Start of Exercise data

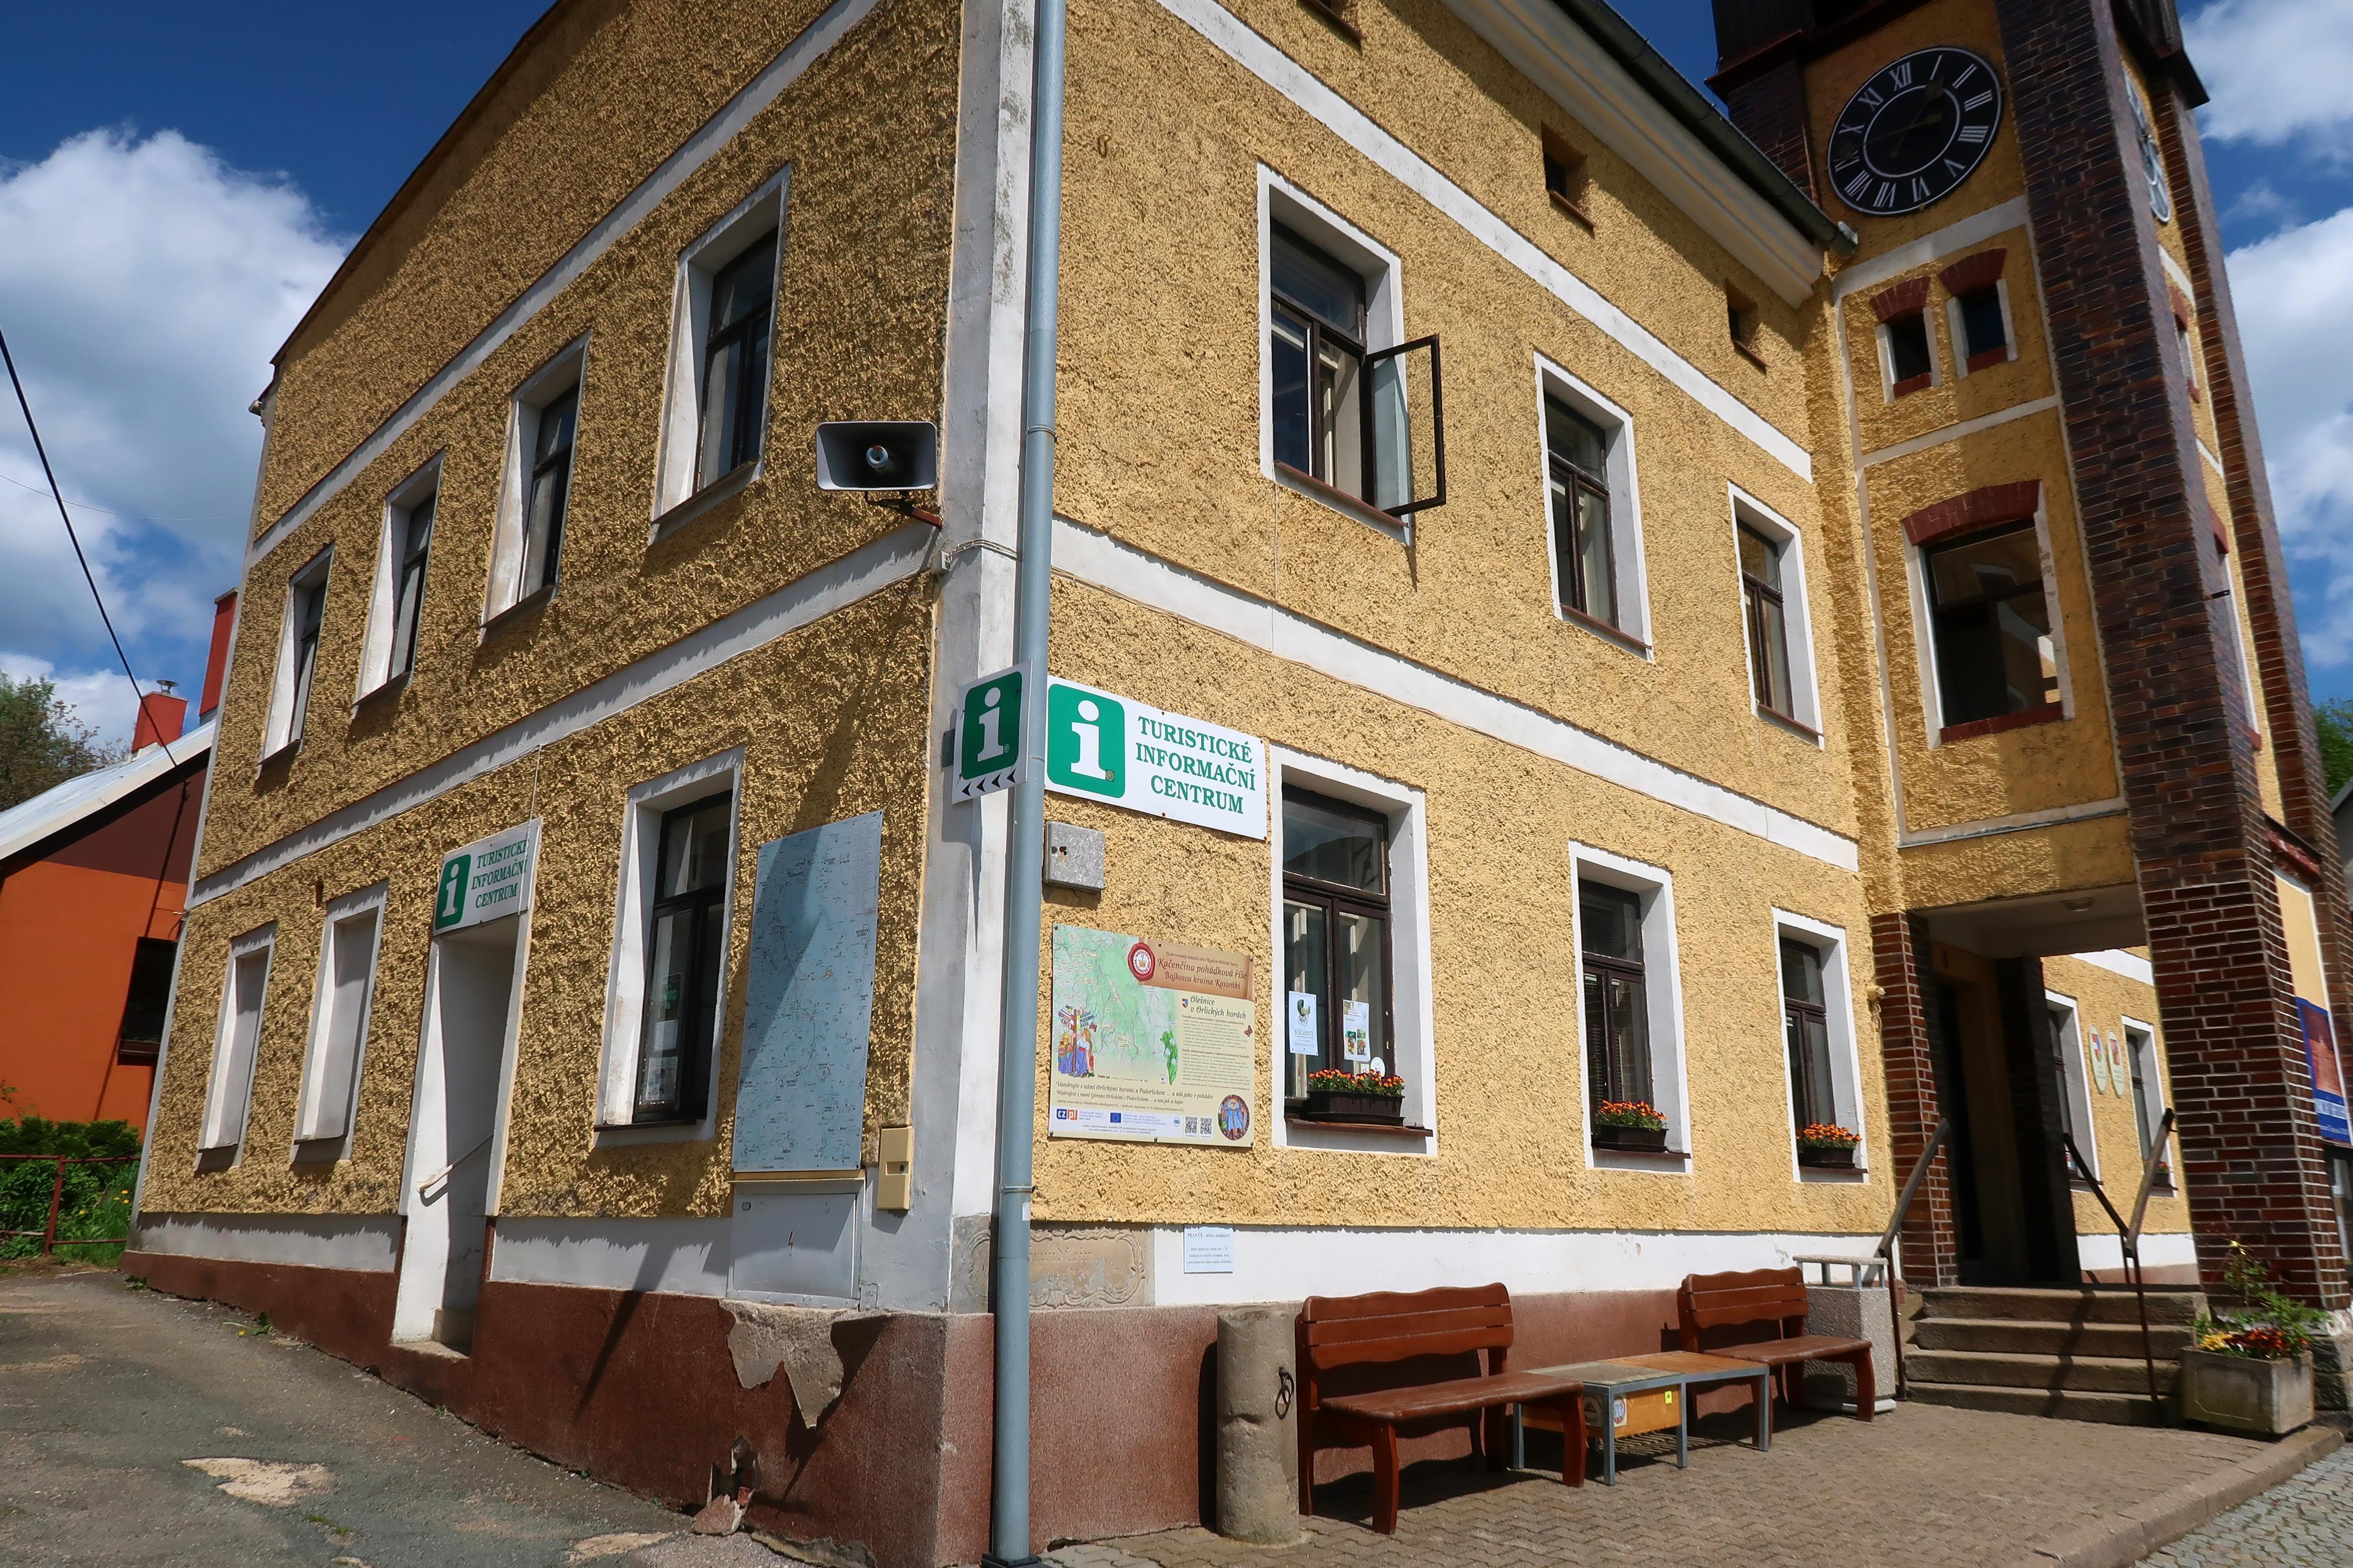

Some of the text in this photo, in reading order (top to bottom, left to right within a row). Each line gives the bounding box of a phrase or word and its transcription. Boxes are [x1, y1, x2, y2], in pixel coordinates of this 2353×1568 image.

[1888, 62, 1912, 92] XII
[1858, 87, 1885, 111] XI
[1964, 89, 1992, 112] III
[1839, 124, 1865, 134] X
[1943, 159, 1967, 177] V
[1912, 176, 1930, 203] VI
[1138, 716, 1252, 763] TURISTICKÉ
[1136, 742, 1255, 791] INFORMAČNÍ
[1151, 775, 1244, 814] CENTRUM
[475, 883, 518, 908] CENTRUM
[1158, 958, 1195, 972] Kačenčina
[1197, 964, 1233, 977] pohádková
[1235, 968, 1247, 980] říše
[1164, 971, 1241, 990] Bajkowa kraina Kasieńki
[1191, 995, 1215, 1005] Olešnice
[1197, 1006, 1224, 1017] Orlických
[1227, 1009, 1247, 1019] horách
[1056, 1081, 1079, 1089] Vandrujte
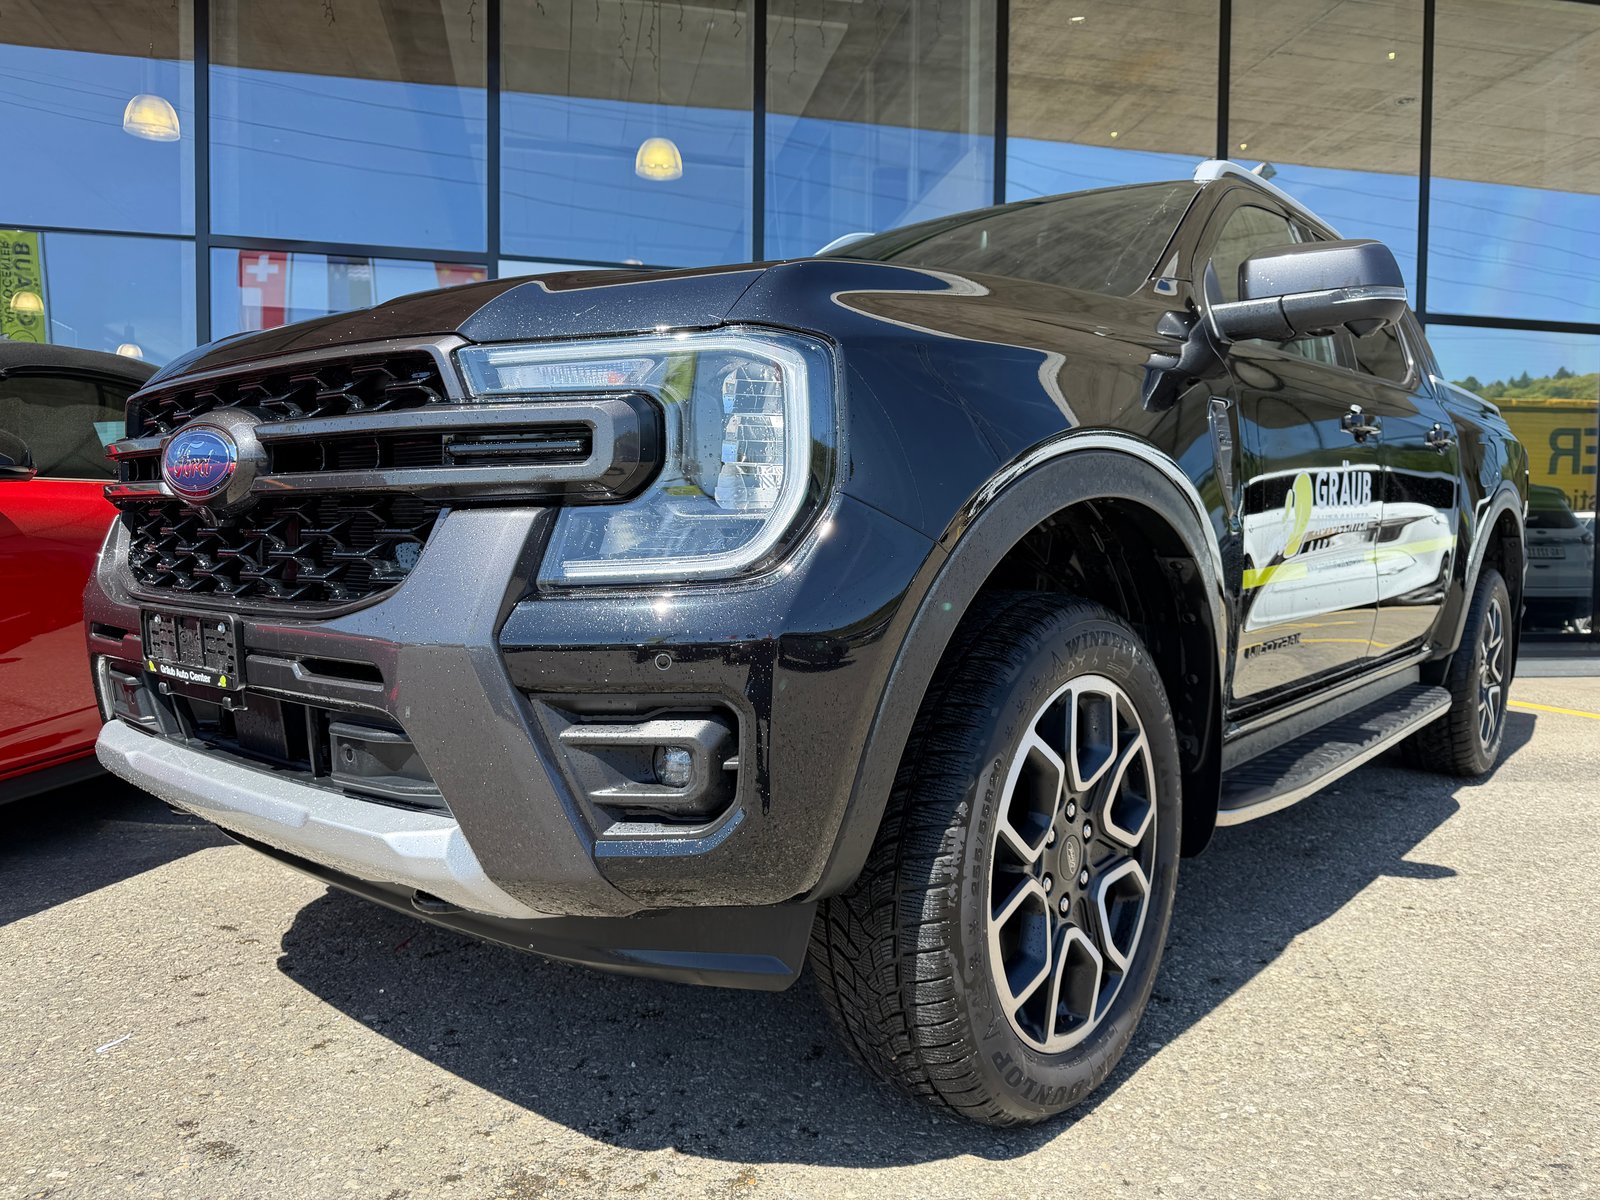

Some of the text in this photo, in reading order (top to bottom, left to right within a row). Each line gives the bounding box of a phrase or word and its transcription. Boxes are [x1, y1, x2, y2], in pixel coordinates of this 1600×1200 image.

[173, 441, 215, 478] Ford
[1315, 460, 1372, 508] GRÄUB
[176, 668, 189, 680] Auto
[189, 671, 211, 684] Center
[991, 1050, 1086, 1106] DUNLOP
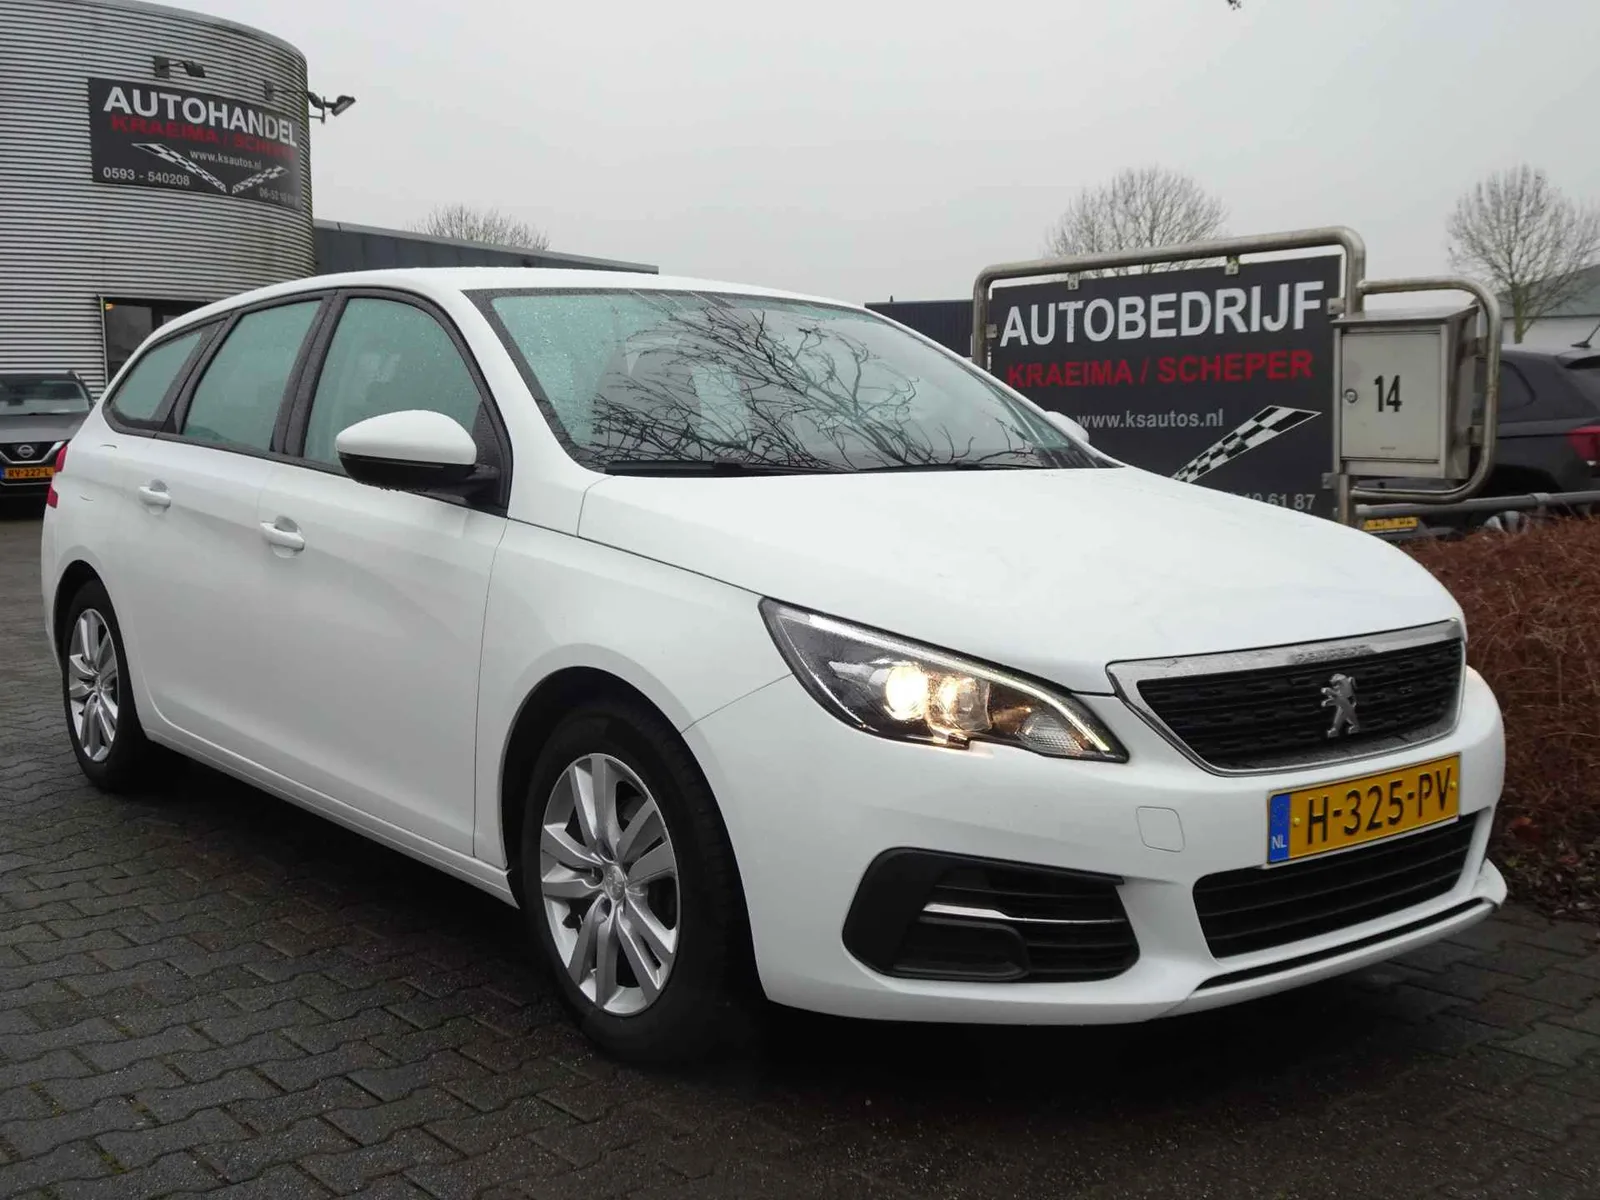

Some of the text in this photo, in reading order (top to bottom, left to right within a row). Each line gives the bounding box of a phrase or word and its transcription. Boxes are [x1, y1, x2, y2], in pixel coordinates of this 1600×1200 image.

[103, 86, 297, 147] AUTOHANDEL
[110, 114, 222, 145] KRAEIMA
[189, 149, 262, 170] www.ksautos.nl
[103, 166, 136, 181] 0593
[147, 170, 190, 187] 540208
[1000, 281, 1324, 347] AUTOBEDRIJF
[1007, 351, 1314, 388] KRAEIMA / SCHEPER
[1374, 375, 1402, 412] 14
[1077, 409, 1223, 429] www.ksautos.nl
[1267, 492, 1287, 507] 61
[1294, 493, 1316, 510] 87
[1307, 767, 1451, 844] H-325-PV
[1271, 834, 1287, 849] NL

End of Exercise data

The task requires the full listing to be given again verbatim, without its pictures.

Some of the text in this photo, in reading order (top to bottom, left to right within a row). Each line gives the bounding box of a phrase or word and its transcription. Boxes are [x1, y1, x2, y2], in pixel coordinates of this 2353×1568 image.

[1888, 62, 1912, 92] XII
[1858, 87, 1885, 111] XI
[1964, 89, 1992, 112] III
[1839, 124, 1865, 134] X
[1943, 159, 1967, 177] V
[1912, 176, 1930, 203] VI
[1138, 716, 1252, 763] TURISTICKÉ
[1136, 742, 1255, 791] INFORMAČNÍ
[1151, 775, 1244, 814] CENTRUM
[475, 883, 518, 908] CENTRUM
[1158, 958, 1195, 972] Kačenčina
[1197, 964, 1233, 977] pohádková
[1235, 968, 1247, 980] říše
[1164, 971, 1241, 990] Bajkowa kraina Kasieńki
[1191, 995, 1215, 1005] Olešnice
[1197, 1006, 1224, 1017] Orlických
[1227, 1009, 1247, 1019] horách
[1056, 1081, 1079, 1089] Vandrujte

Some of the text in this photo, in reading order (top to bottom, left to right within a row). Each line gives the bounding box of a phrase or word and its transcription. Boxes are [x1, y1, x2, y2], in pixel coordinates of this 1600×1200 image.

[173, 441, 215, 478] Ford
[1315, 460, 1372, 508] GRÄUB
[176, 668, 189, 680] Auto
[189, 671, 211, 684] Center
[991, 1050, 1086, 1106] DUNLOP

Some of the text in this photo, in reading order (top to bottom, left to right within a row). Each line gives the bounding box of a phrase or word and its transcription. Boxes are [x1, y1, x2, y2], in pixel coordinates of this 1600×1200 image.

[103, 86, 297, 147] AUTOHANDEL
[110, 114, 222, 145] KRAEIMA
[189, 149, 262, 170] www.ksautos.nl
[103, 166, 136, 181] 0593
[147, 170, 190, 187] 540208
[1000, 281, 1324, 347] AUTOBEDRIJF
[1007, 351, 1314, 388] KRAEIMA / SCHEPER
[1374, 375, 1402, 412] 14
[1077, 409, 1223, 429] www.ksautos.nl
[1267, 492, 1287, 507] 61
[1294, 493, 1316, 510] 87
[1307, 767, 1451, 844] H-325-PV
[1271, 834, 1287, 849] NL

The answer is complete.